Why Tonga’s eruption has been so violent and what could happen next

The kingdom of Tonga does not usually attract world attention, but the violent eruption of an underwater volcano January 15th has sent shock waves literally across half the world.

Normally, the volcano doesn’t look like much to the naked eye. It consists of two small uninhabited islands, Hunga-Ha’apai and Hunga-Tonga, which rise about 100 m above sea level 65 km north of Nuku’alofa, the capital of Tonga. But under the water lies a huge volcano about 1,800 m high and 20 km wide.

The huge underwater volcano next to the Hunga-Ha’apai and Hunga-Tonga islands.

The Hunga-Tonga-Hunga-Ha’apai volcano has erupted regularly in recent decades. In 2009 and 2014/15, hot jets of magma and steam exploded over the waves. However, these eruptions were small compared to the January 2022 phenomenon.

Our research on previous eruptions suggests that the most recent is one of the massive explosions that the volcano is capable of producing approximately every thousand years.

Why are the volcano eruptions so explosive, if the sea water should cool the magma?

If magma rises through water slowly, even at temperatures of about 1,200 ℃, a thin film of steam forms between the magma and water. This provides an insulating layer that allows the outer surface of the magma to cool.

But this process does not work when the magma comes out of the ground filled with volcanic gas. As material rapidly enters the water, the vapor layers rapidly break up, bringing hot magma into direct contact with cold water.

Volcanologists call this “fuel-coolant interaction” and it is similar to weapons-type chemical explosions. Extremely violent explosions rip apart the magma. A chain reaction is then started, with new magma fragments exposing new hot interior surfaces to the water, and the explosions repeat themselves, finally throwing out volcanic particles and causing explosions with supersonic speeds.

The two scales of the Hunga eruptions

The 2014/15 eruption created a volcanic cone, joining the two former Hunga islands to create a combined island about 5 km long. We visited it in 2016 and discovered that these historical eruptions were nothing more than opening act for the main phenomenon.

Mapping the seabed, we discovered a hidden “caldera” 150m below the waves.

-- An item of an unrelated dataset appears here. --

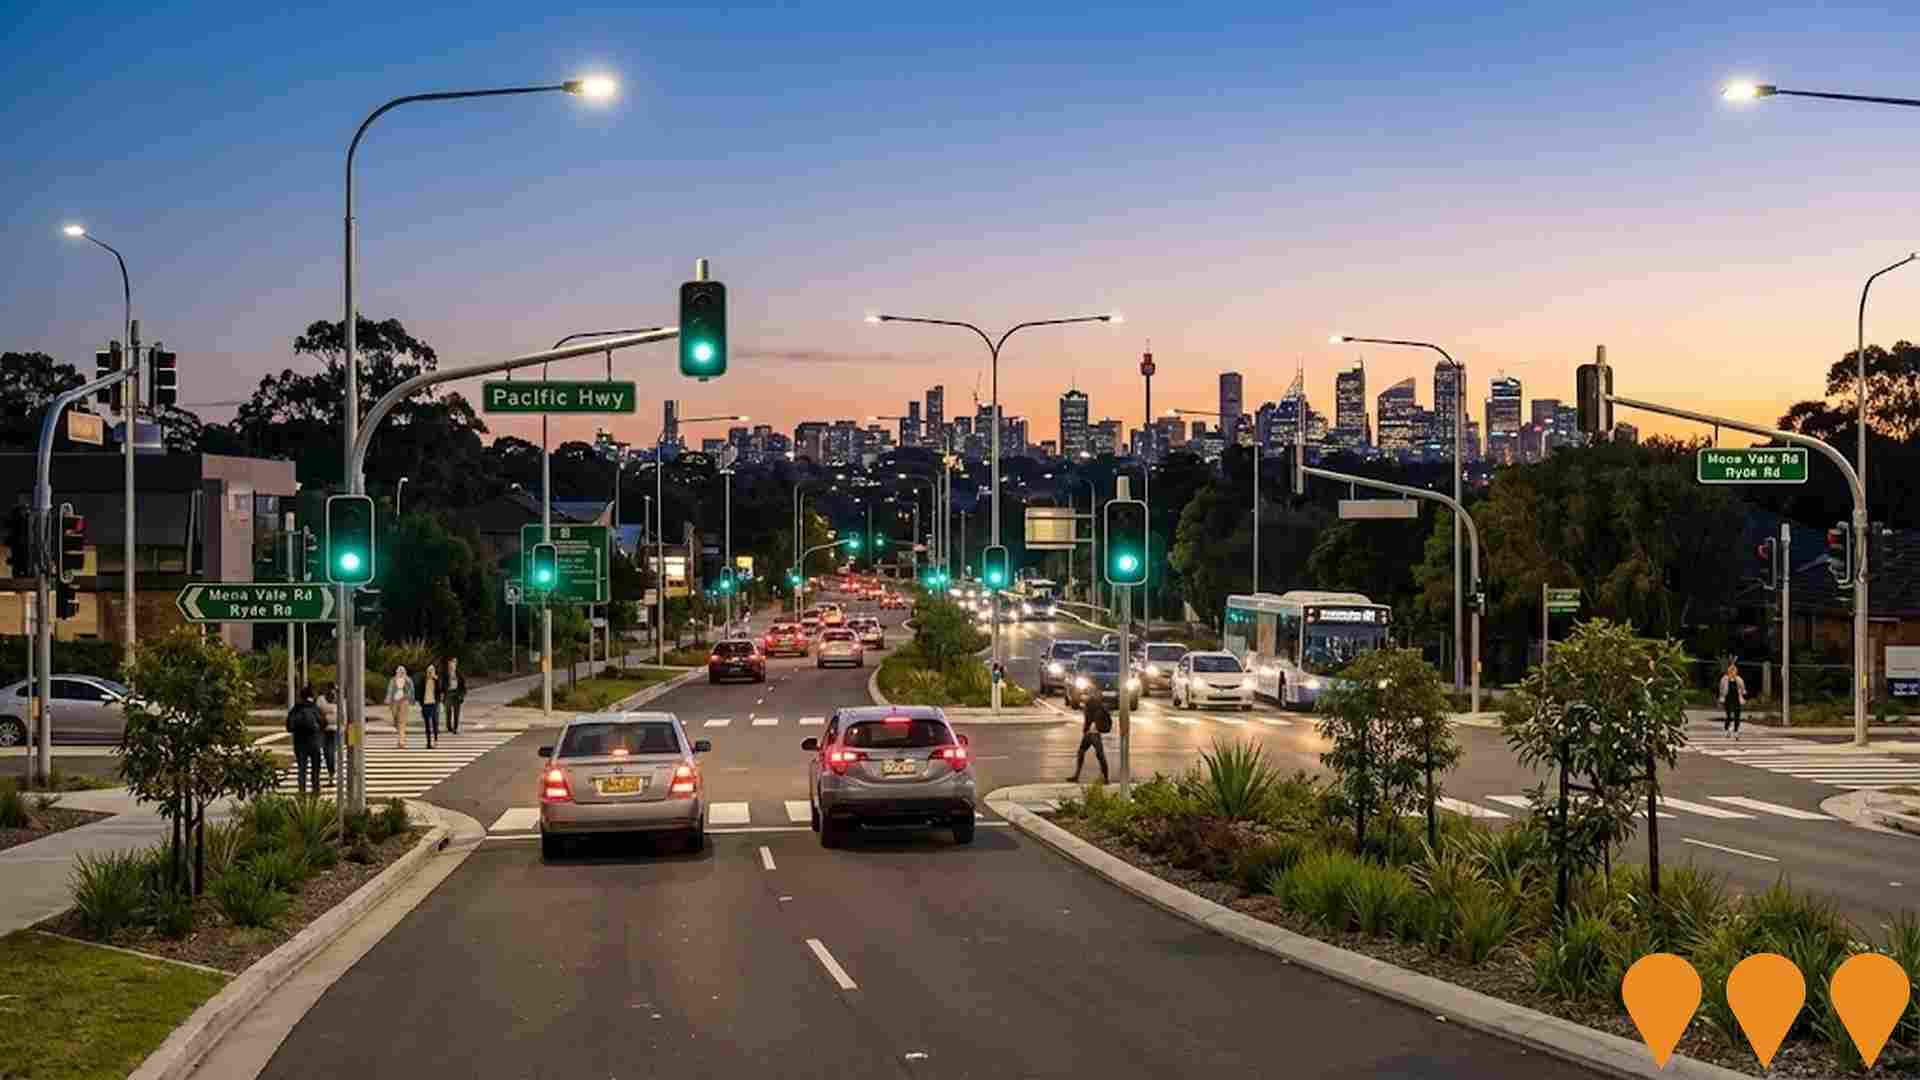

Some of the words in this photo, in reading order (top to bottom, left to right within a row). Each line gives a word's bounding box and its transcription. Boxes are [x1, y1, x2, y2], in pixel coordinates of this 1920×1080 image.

[578, 388, 624, 410] Hwy
[293, 588, 313, 601] Rd
[229, 603, 267, 618] Ryde

A map of the seafloor shows the volcanic cones and the huge caldera. Author provided

The caldera is a crater-shaped depression about 5 km in diameter. Small eruptions (like the ones in 2009 and 2014/15) occur mostly at the caldera rim, but very large ones come from within the caldera itself. These large eruptions are so large that the top of the erupting magma sinks inward, deepening the caldera.

After looking at the chemistry of past eruptions, we think the small eruptions represent the magma system slowly recharging itself in preparation for a big event.

We found evidence of two huge past Hunga caldera eruptions in the deposits of the ancient islands. We compared them chemically with volcanic ash deposits on the largest inhabited island, Tongatapu, 65 km away, and then used radiocarbon dates to show that major caldera eruptions occur about every 1,000 years, the last of which in the year 1100.

With this knowledge, the January 15 eruption appears to be right on schedule for one of the big ones.

What can we expect to happen now?

We are still in the midst of this major eruptive sequence and many things remain unclear, in part because the island is currently obscured by ash clouds.

The two previous eruptions, on December 20, 2021 and January 13, 2022, were moderate in size. They produced clouds up to 17km high and added new land to the combined 2014/15 island.

The latest eruption has increased the scale in terms of violence. The ash plume is already about 20 km high. The most remarkable thing is that it spread almost concentrically to a distance of about 130 km from the volcano, creating a plume with a diameter of 260 km, before it was distorted by the wind.

This supposes an enormous explosive power, which cannot be explained solely by the magma-water interaction. Instead, it shows that large amounts of fresh, gas-laden magma have exited the caldera.

The eruption also produced a tsunami throughout Tonga and in neighboring Fiji and Samoa. The shock waves traveled many thousands of kilometres, were seen from space and were recorded in New Zealand some 2,000 km away. Shortly after the start of the eruption, the sky was obscured at Tongatapu, and ash began to fall.

All these signs suggest that Hunga’s great caldera has awakened. Tsunamis are generated by coupled atmospheric and oceanic shock waves during an explosion, but are also easily caused by submarine calving and caldera collapses.

It is not yet clear if this is the climax of the eruption. It represents an important release of magma pressure that can calm the system.

However, the geological deposits from the volcano’s previous eruptions contain a warning. These complex sequences show that each of the major caldera eruption episodes every 1000 years involved many separate blast events.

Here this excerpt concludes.